A FBI document reads: # To ensure that this occurs, legislation mandating the # use of Government-approved encryption products or # adherence to Government encryption criteria is required. Ex-AAG Jo Ann Harris told a Senate Judiciary Subcommittee in 1994: $ we have absolutely no intention of mandating private use of a particular $ kind of cryptography, I ranted: % Just what real legal recourse do we have against lying scum in the % bureaucracy ? Brian Davis writes:
You sure are anxious to prosecute government officials.

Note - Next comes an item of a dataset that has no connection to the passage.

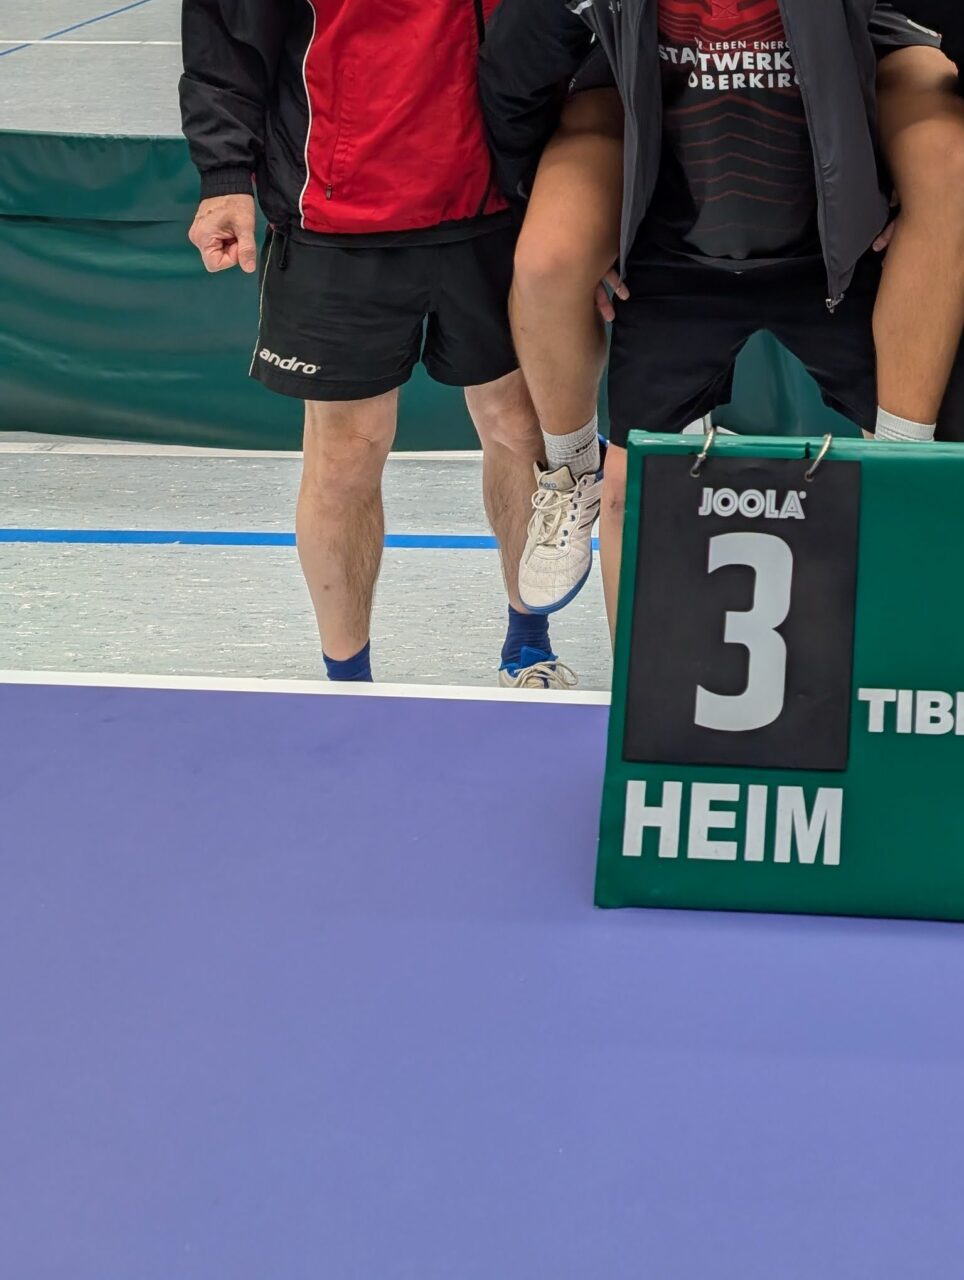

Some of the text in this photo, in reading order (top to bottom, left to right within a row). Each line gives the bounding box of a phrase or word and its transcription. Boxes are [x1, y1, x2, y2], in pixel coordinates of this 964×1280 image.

You're damn right I'm anxious to prosecute government officials who appear to have willfully lied about public policy in testimony before Congress ! Look, plenty of people here are honest-to-[insert your higher power of choice here] anarchists. I happen to be at most an anarchogroupie ;) and I'm reasonably comfortable with the U.S. version of representative democracy. [Note to the list: I'm not looking to spark any sort of debate about political philosophy, on or off the list. I'm not interested in arguing semantics, so don't bother trying.] For representative democracy to be even vaguely democratic at all, the representatives need to level with their constituents as much as possible. I certainly intend to hold public officials speaking in an official capacity about official business to a high standard of conduct.
What is untrue about her statement. Maybe she meant it's OK to use ROT-13 but nothing else ...
How could that be compatible with "no intention of mandating...a particular kind of cryptography" ?
And you guys complained about the Jake Baker prosecution!